Print the records below exactly as they appear. Omit all pictures.

(Entries shown):
════════

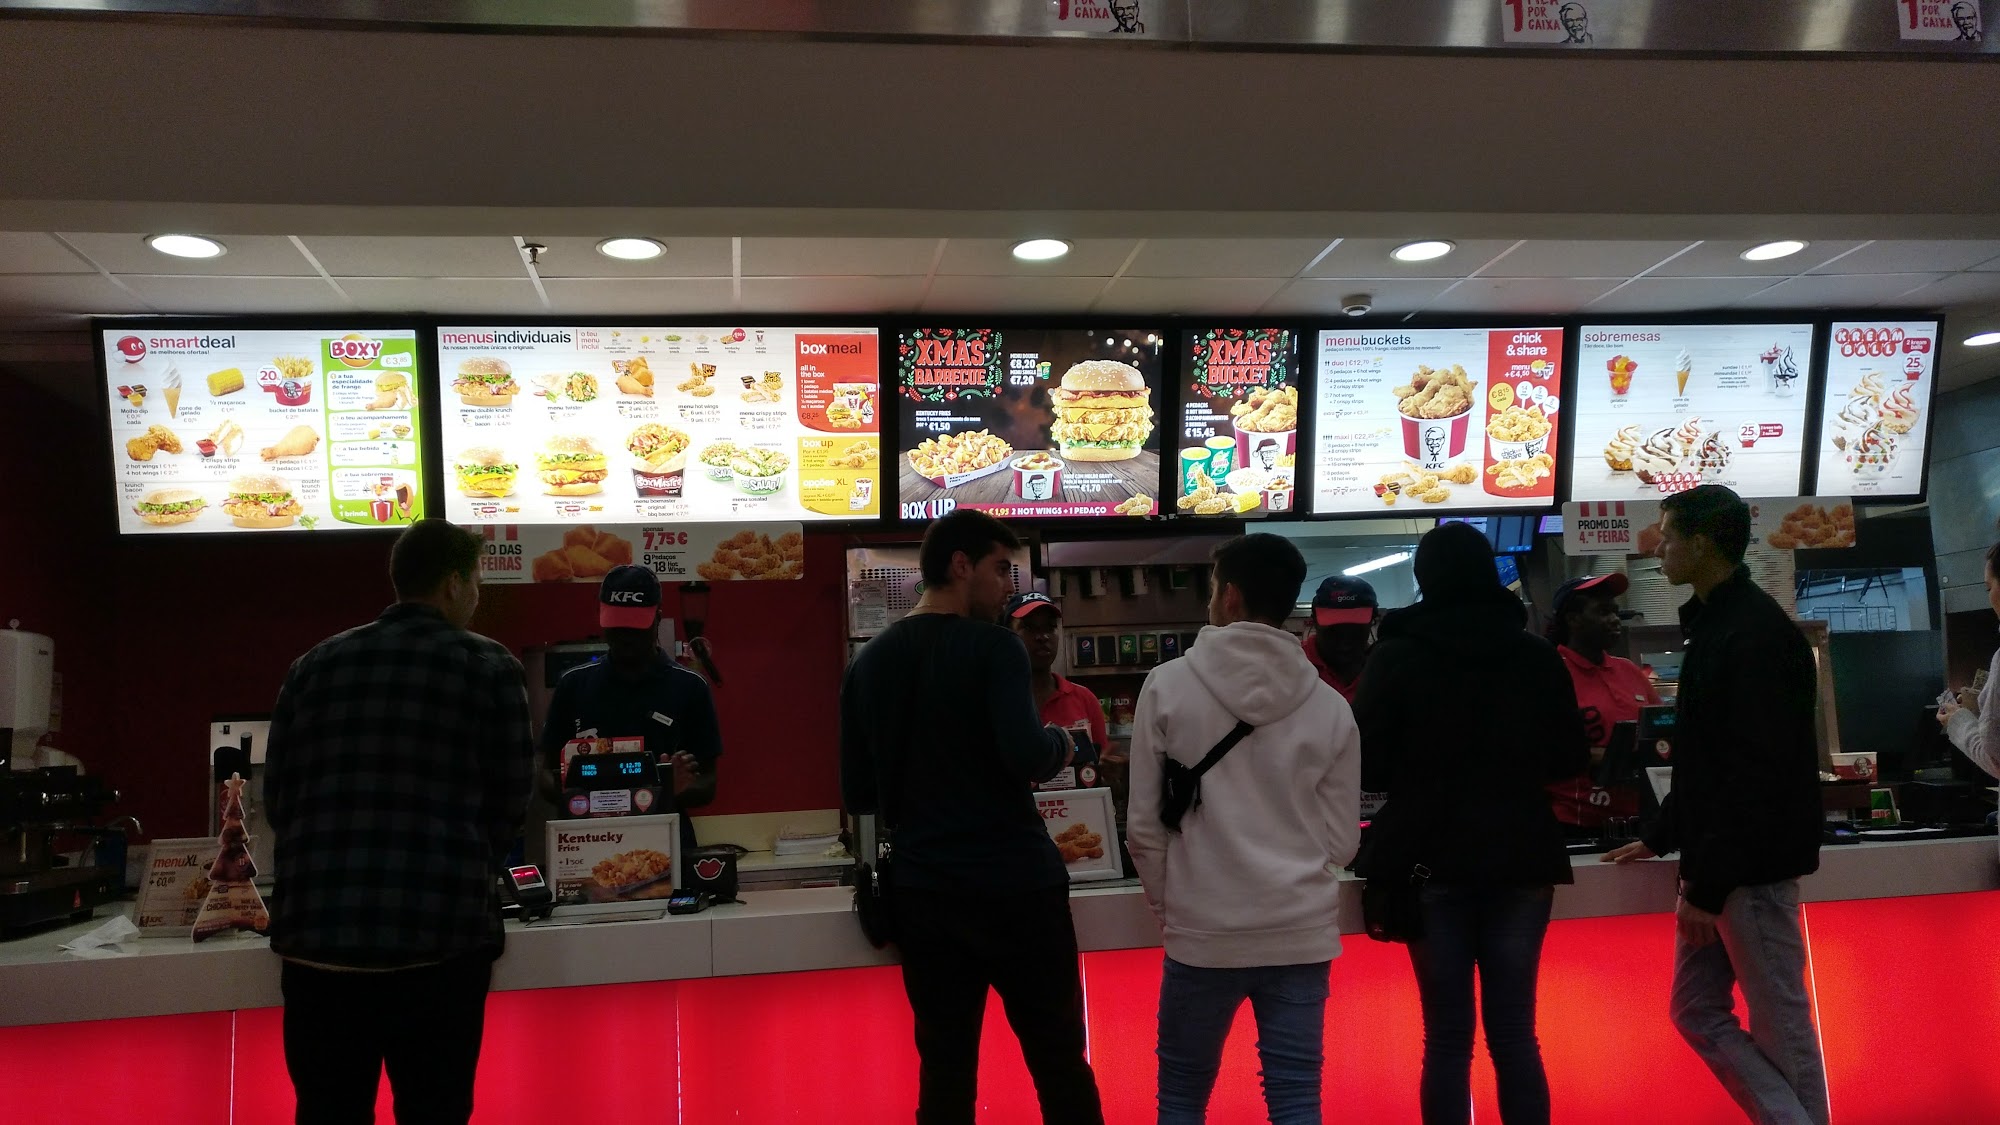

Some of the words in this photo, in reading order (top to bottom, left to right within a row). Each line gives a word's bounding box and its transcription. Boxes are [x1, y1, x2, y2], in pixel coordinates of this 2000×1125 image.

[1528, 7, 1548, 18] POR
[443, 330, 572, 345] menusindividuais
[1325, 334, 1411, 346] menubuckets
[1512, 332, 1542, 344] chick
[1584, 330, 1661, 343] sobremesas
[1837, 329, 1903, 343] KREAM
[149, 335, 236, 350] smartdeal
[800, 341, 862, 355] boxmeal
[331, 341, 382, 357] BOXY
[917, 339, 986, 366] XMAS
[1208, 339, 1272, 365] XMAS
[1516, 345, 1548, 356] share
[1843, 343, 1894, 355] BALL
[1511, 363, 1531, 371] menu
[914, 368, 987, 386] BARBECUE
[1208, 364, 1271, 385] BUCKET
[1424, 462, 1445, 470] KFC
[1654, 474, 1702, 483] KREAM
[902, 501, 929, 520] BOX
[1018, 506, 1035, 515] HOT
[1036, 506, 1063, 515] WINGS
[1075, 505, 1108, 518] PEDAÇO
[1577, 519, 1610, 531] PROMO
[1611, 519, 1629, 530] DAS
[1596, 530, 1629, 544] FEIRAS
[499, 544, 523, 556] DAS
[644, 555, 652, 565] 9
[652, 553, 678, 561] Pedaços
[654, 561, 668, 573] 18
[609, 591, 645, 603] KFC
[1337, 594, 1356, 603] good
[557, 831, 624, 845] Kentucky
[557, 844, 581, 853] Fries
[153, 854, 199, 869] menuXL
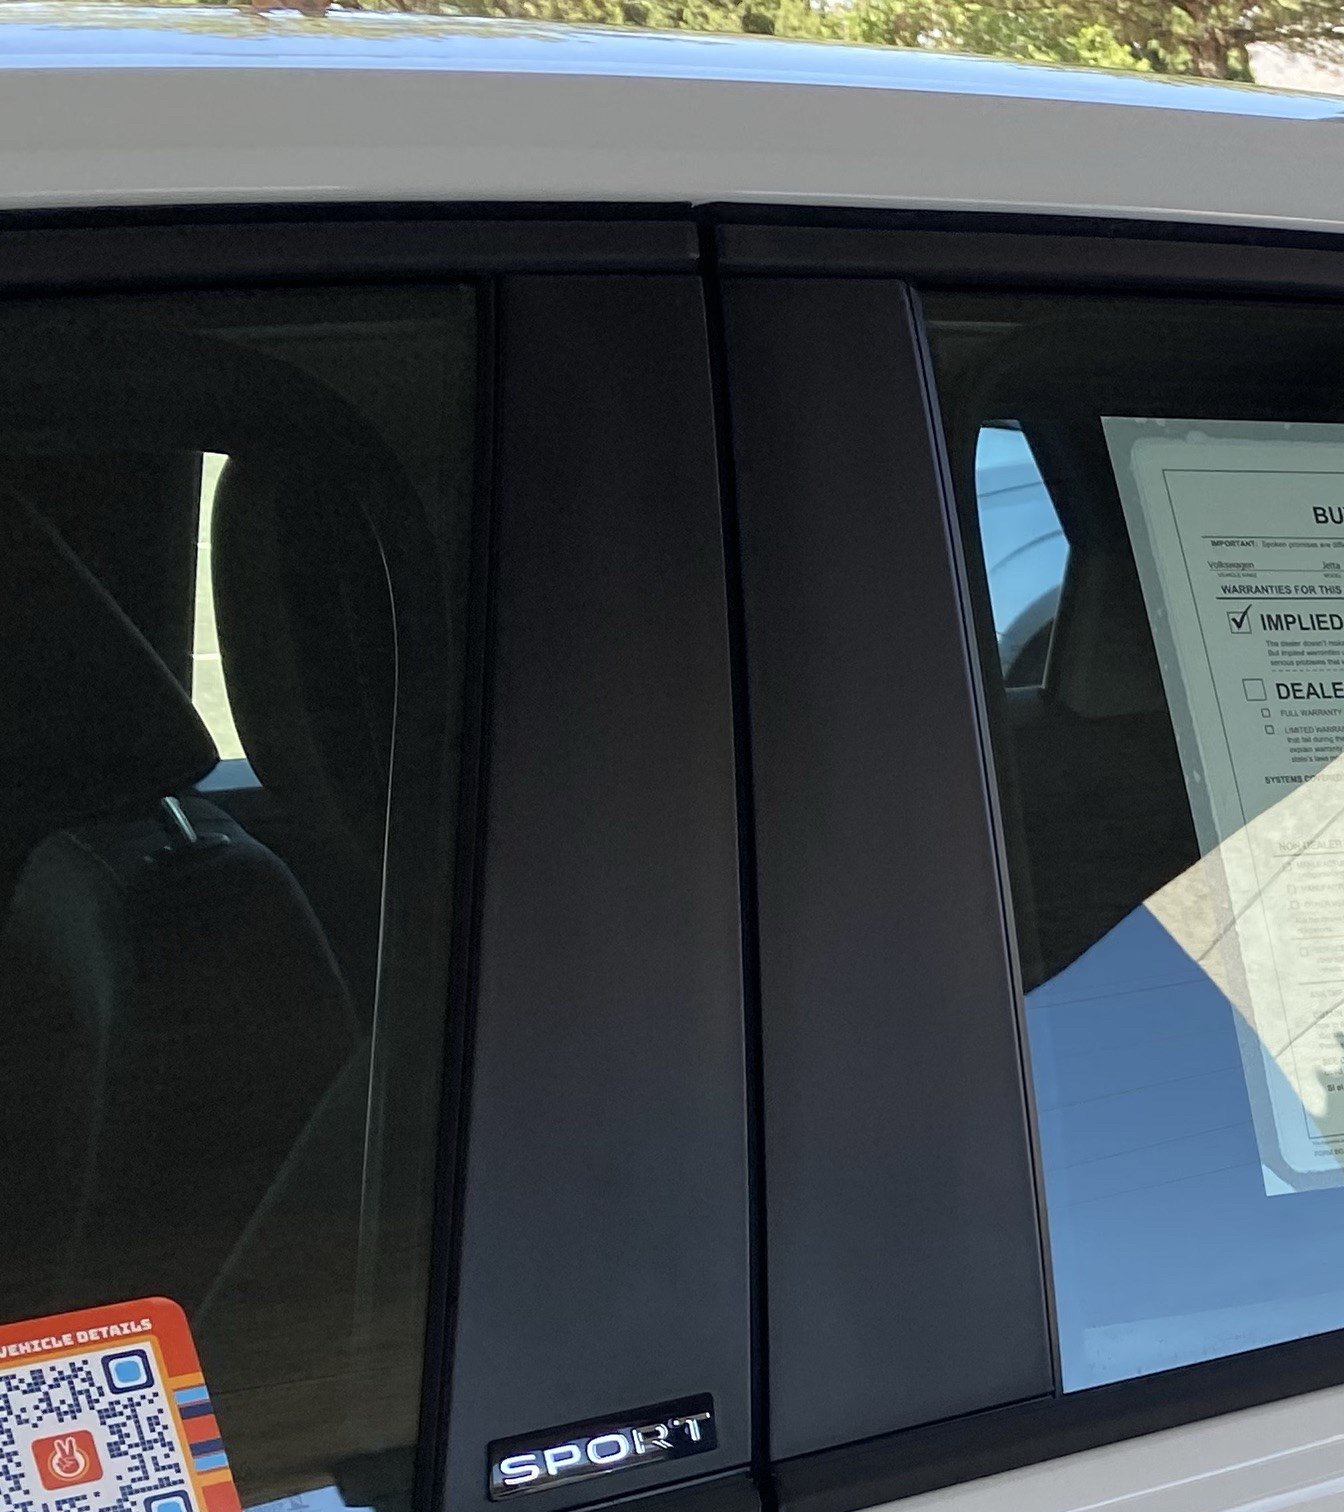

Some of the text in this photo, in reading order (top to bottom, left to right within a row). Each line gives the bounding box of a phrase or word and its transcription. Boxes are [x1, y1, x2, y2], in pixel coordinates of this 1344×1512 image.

════════

(Response to the task):
Some of the words in this photo, in reading order (top to bottom, left to right within a row). Each line gives a word's bounding box and its transcription. Boxes are [x1, y1, x2, y2], in pixel coordinates of this 2000×1125 image.

[1528, 7, 1548, 18] POR
[443, 330, 572, 345] menusindividuais
[1325, 334, 1411, 346] menubuckets
[1512, 332, 1542, 344] chick
[1584, 330, 1661, 343] sobremesas
[1837, 329, 1903, 343] KREAM
[149, 335, 236, 350] smartdeal
[800, 341, 862, 355] boxmeal
[331, 341, 382, 357] BOXY
[917, 339, 986, 366] XMAS
[1208, 339, 1272, 365] XMAS
[1516, 345, 1548, 356] share
[1843, 343, 1894, 355] BALL
[1511, 363, 1531, 371] menu
[914, 368, 987, 386] BARBECUE
[1208, 364, 1271, 385] BUCKET
[1424, 462, 1445, 470] KFC
[1654, 474, 1702, 483] KREAM
[902, 501, 929, 520] BOX
[1018, 506, 1035, 515] HOT
[1036, 506, 1063, 515] WINGS
[1075, 505, 1108, 518] PEDAÇO
[1577, 519, 1610, 531] PROMO
[1611, 519, 1629, 530] DAS
[1596, 530, 1629, 544] FEIRAS
[499, 544, 523, 556] DAS
[644, 555, 652, 565] 9
[652, 553, 678, 561] Pedaços
[654, 561, 668, 573] 18
[609, 591, 645, 603] KFC
[1337, 594, 1356, 603] good
[557, 831, 624, 845] Kentucky
[557, 844, 581, 853] Fries
[153, 854, 199, 869] menuXL

Some of the text in this photo, in reading order (top to bottom, left to right within a row). Each line gives the bounding box of a phrase or word and its transcription. Boxes are [x1, y1, x2, y2], in pixel coordinates of this 1344×1512 image.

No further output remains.